Phrase grounding data:
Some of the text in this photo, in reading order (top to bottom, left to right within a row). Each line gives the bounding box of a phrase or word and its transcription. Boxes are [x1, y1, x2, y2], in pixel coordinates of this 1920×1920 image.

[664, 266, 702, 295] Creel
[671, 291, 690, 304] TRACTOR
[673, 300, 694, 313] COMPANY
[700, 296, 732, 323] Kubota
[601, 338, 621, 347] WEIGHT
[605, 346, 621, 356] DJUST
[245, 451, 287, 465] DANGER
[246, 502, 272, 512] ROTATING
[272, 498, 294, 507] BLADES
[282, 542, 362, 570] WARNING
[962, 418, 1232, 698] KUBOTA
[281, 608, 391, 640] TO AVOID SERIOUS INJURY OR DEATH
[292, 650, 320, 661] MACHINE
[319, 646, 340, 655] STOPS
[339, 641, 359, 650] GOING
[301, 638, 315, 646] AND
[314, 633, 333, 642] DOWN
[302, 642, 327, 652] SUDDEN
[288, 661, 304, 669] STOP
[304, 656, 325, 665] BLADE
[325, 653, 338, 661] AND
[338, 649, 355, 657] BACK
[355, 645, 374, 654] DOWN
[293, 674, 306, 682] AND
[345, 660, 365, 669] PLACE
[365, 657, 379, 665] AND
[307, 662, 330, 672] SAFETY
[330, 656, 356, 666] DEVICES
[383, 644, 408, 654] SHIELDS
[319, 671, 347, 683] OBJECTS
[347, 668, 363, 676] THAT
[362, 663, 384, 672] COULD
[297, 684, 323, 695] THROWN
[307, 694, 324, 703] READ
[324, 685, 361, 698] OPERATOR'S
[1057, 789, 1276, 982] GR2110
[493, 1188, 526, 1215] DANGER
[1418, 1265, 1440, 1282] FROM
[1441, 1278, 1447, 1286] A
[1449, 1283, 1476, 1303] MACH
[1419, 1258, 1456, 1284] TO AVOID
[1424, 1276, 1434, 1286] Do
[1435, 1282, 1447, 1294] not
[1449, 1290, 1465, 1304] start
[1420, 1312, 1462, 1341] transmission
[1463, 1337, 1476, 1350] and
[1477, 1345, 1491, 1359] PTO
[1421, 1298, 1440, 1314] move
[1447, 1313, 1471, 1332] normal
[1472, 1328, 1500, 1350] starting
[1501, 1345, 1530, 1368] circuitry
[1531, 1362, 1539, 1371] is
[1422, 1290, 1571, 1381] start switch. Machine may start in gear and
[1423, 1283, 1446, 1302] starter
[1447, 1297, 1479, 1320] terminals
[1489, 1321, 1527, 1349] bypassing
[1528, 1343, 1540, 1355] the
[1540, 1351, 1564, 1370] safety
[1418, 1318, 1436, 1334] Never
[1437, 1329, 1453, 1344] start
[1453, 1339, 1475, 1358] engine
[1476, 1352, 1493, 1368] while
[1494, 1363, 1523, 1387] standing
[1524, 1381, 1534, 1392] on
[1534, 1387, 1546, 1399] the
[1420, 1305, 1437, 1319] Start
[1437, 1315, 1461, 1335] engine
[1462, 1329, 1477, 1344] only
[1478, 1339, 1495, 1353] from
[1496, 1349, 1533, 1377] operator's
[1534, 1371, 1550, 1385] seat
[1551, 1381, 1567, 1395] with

* Exercise: Pull every line with the word "DOWN" from the data.

* Task solution:
[314, 633, 333, 642] DOWN
[355, 645, 374, 654] DOWN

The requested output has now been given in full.